Fabian Bertero e la Big Band dei suoi sogni

Il luminoso lavoro d’esordio della Big Band di Fabian Bertero colpisce per due aspetti essenziali che danno, anche al primo ascolto, una sensazione epidermica di omogeneità, ancorchè il repertorio scelto sia decisamente vario andando da Villoldo agli autori contemporanei, passando per Gardel,  Canaro, De Caro e Piazzolla.  Da un lato è palese l’originale coerenza stilistica con cui si susseguono le tracce registrate; dall’altro incanta la qualità con cui questo ritaglio stilistico è coniugato. L’insieme di queste qualità mette in rilievo l’angolazione con cui sono affrontati i brani, sia quelli originali che quelli tradizionali, nella scrittura degli arrangiamenti e nella loro interpretazione da parte dei componenti dell’orchestra. Il contributo dei musicisti è infatti decisivo per dare vita alla costellazione di dettagli che impreziosiscono ogni brano, comunicando la loro luce emozionante come uno specchio, un riflesso o un ombra. La loro disinvolta naturalezza innesca così il corto circuito virtuoso che favorisce una sorta di fusione tutt’altro che scontata o lineare, tra freschezza, passione e compostezza formale.

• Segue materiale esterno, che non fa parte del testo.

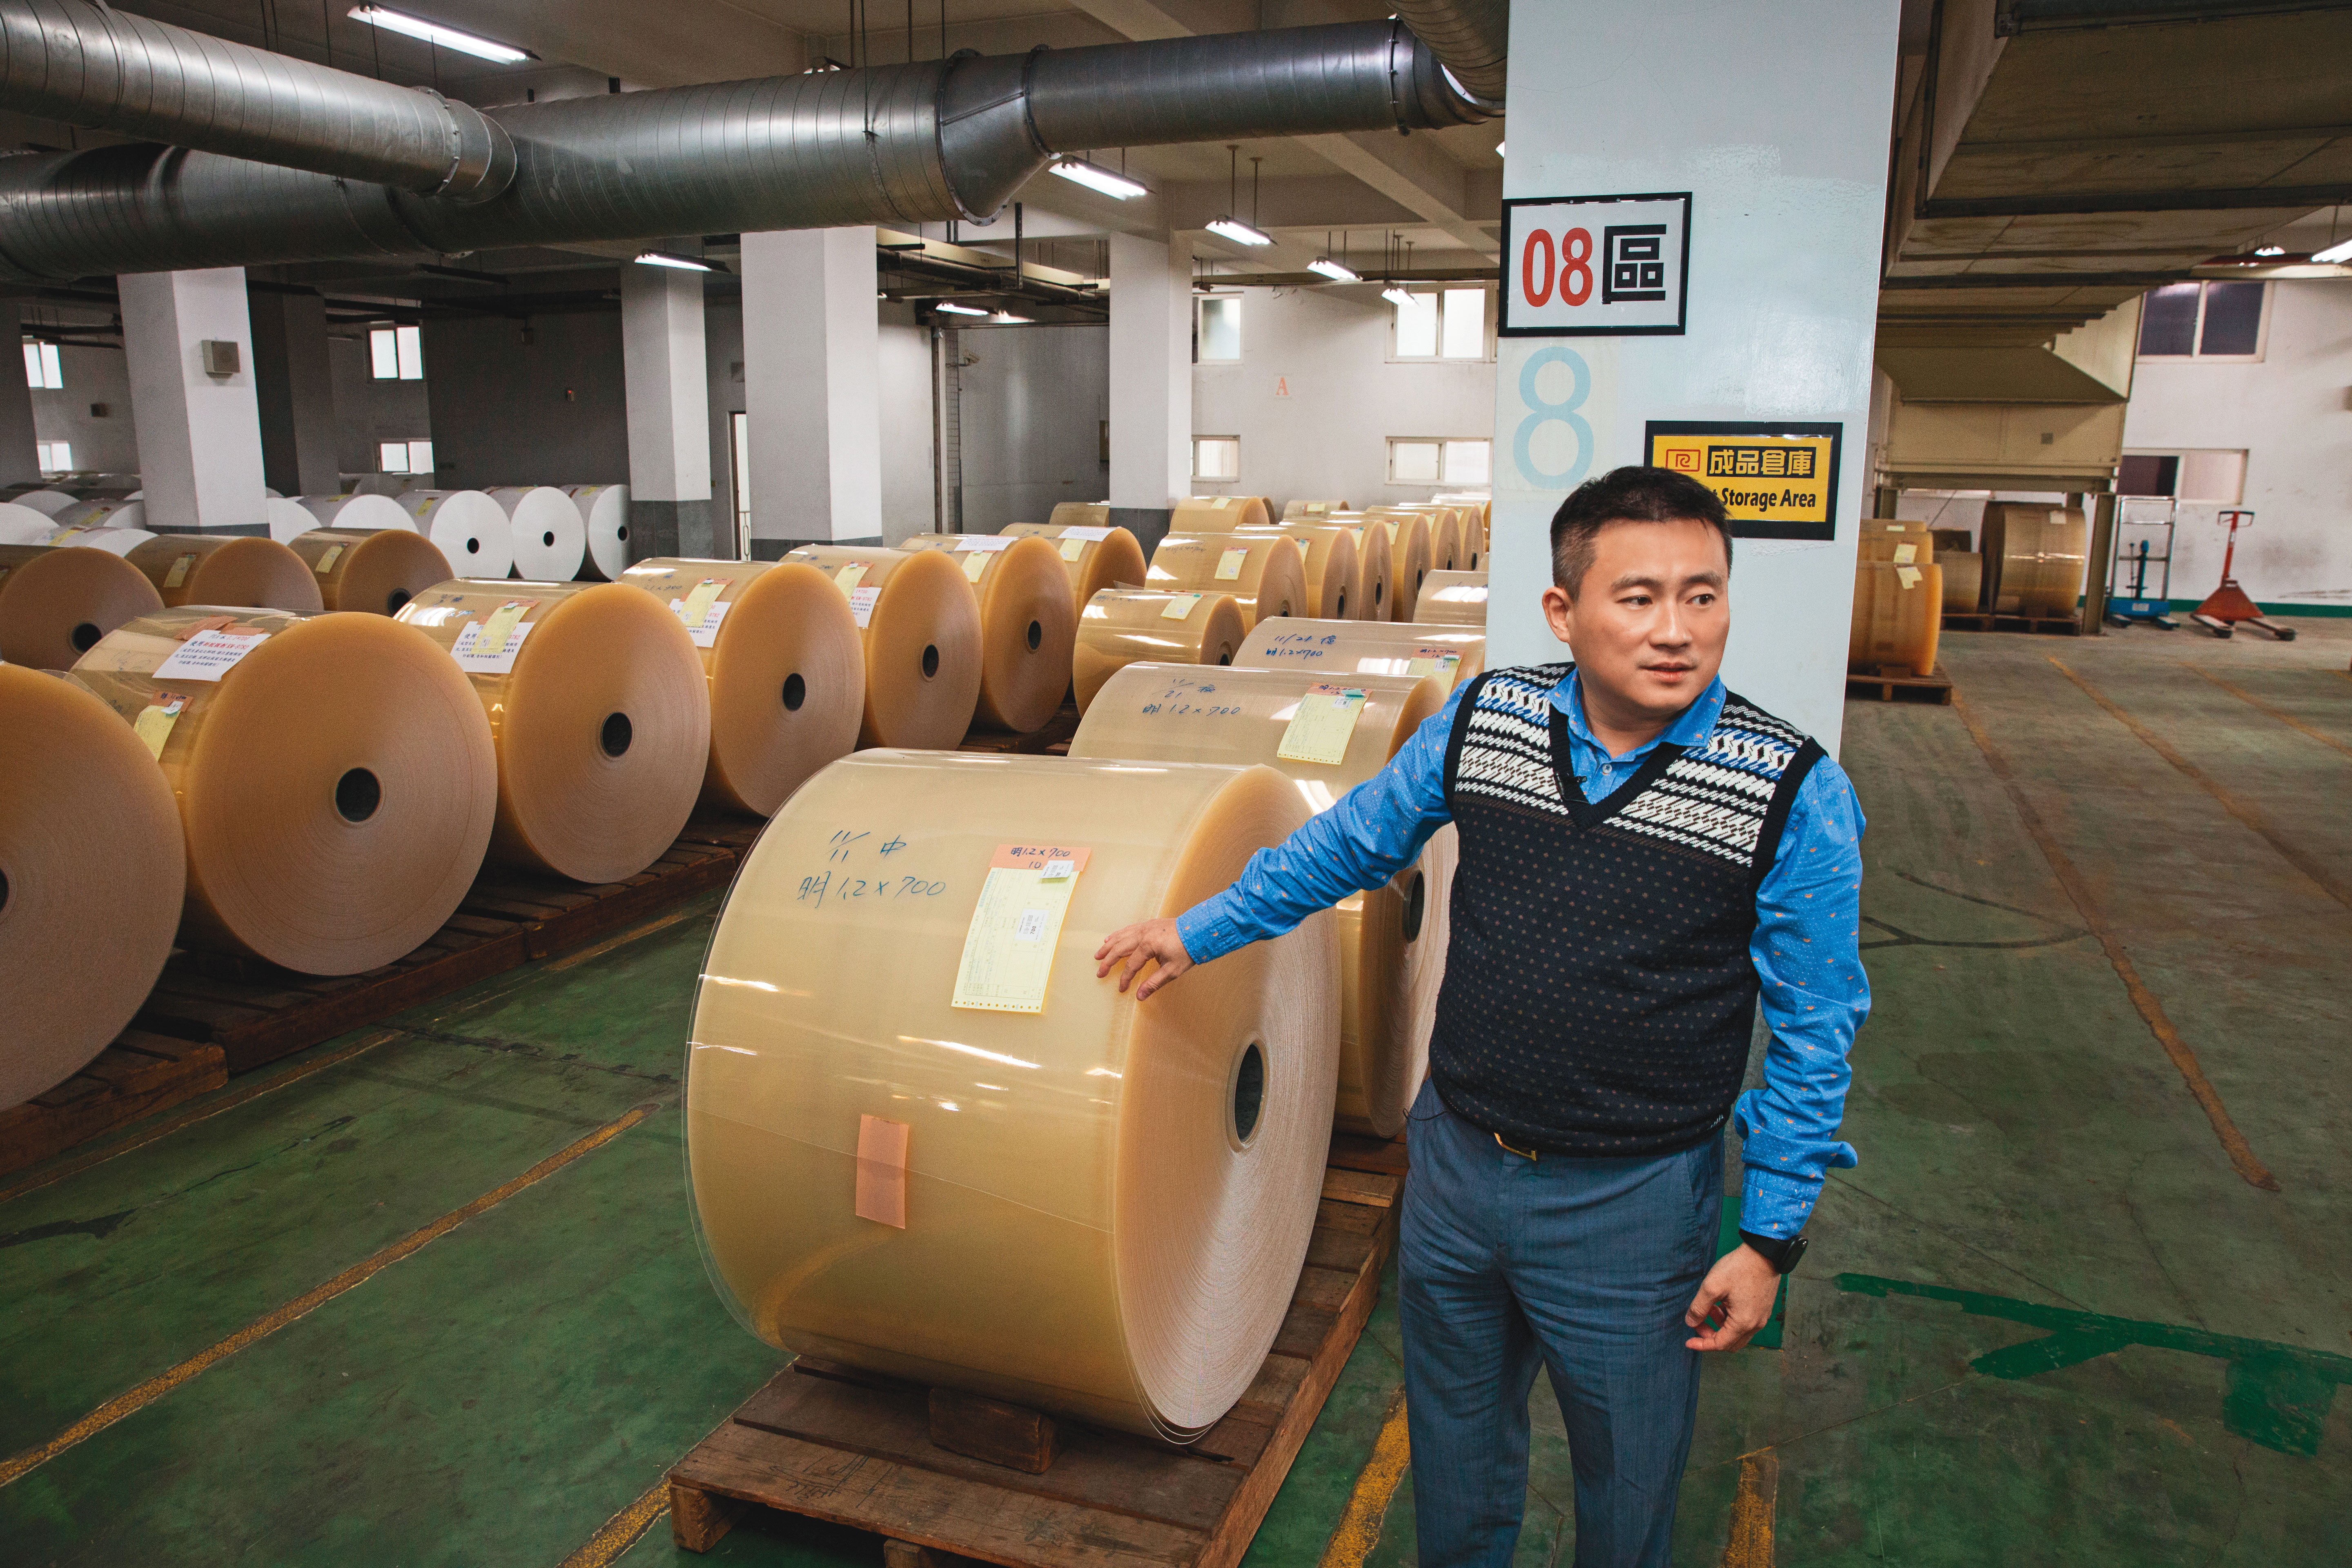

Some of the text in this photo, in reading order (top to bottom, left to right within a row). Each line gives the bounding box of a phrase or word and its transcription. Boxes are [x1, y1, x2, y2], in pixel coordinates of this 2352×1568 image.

Tutto sembra quindi obbedire alle leggi della leggerezza che sono il prologo prezioso e fragilissimo di qualsiasi grazia. In questo orizzonte, la musica riesce ad essere insieme aerea e materica, evocando continue correspondances fosforescenti con una sintassi chiara che Bertero padroneggia abilmente.  Il direttore dimostra la sua sapienza, come  può farlo solo chi conosce gli enigmi posti dal senso segreto e popolare del  tango, palpito di corpi e di anime che rappresenta la vita stessa, sia nella banalità del quotidiano, sia nella profondità dei sentimenti. Realizzando questo perimetro di dense risonanze, la creatività di Bertero investiga la tradizione e ne utilizza gli strumenti per costruire arrangiamenti nella quale si percepisce la vitalità con cui il tango può presentarsi alle orecchie ed ai cuori dei contemporanei. Senza smarrire la fisicità  selvaggia dell’icastica forza primigenia del tango, la musica celebra nel suo gioco di forme, sua la trasfigurazione colta in perfetti particolari estetici: mosaici dove si alternano tessere trasparenti, proteiformi o caleidoscopiche.


Le troviamo sia nelle composizioni originali di Bertero come Vamos viendo, Milonga de la calle, Un decibel (firmato con Raul Garello), come in A Don Leopoldo che il primo bandoneonista della band dedica a Federico, o, ancora, negli arrangiamenti come quelli di Cara sucia, El dias que me quieras dove Bertero ci fa ascoltare un pregevole solo di violino, El choclo, ma soprattutto in un classico di Julio De Caro: quel Tierra querida che aveva già attirato l’attenzione del giovane Piazzolla neo direttore di una sua propria orchestra nel 1945. Quest’ultimo titolo raggiunge lo zenit della creatività proponendo un entusiasmante e continuo giustapporsi di originali riverberi,  onde elastiche danzanti, echi ipnotici o medusèi che mettono a dura prova l’insieme orchestrale senza scalfirne la solidità e la brillantezza esecutiva dei 14 musicisti.


Ma, ogni traccia rivela frequenti momenti di grazia che, in balenanti flashes, sembrano indirizzare la materia sonora della musica verso un nuovo stato: quello di un’epifanica sostanza visiva. Questa sensazione è ancor più nitida quando tra le pagine strumentali emergono i temi cantati che  danno alla danza rapinosa delle immagini  una speciale forza narrativa . Qui, oltre alla voce sicura di Alfredo Pittis, possiamo abbandonarci ai voli fatati della rêverie ascoltando l’intervento di un ospite magico come il poeta e performer Horacio Ferrer. La sua è solo un’apparizione, insieme alla sua celebre e irraggiungibile Balada para un loco, comunque proposta in tre versioni (due come bonus track) a testimonianza di come non si possa rinunciare a nessuna delle interpretazioni di Ferrer.  Tutto questo ha ragione di essere immaginato come la concreta sostanza di un nuovo pensiero con il quale Fabian Bertero può alimentare i suoi sogni futuri.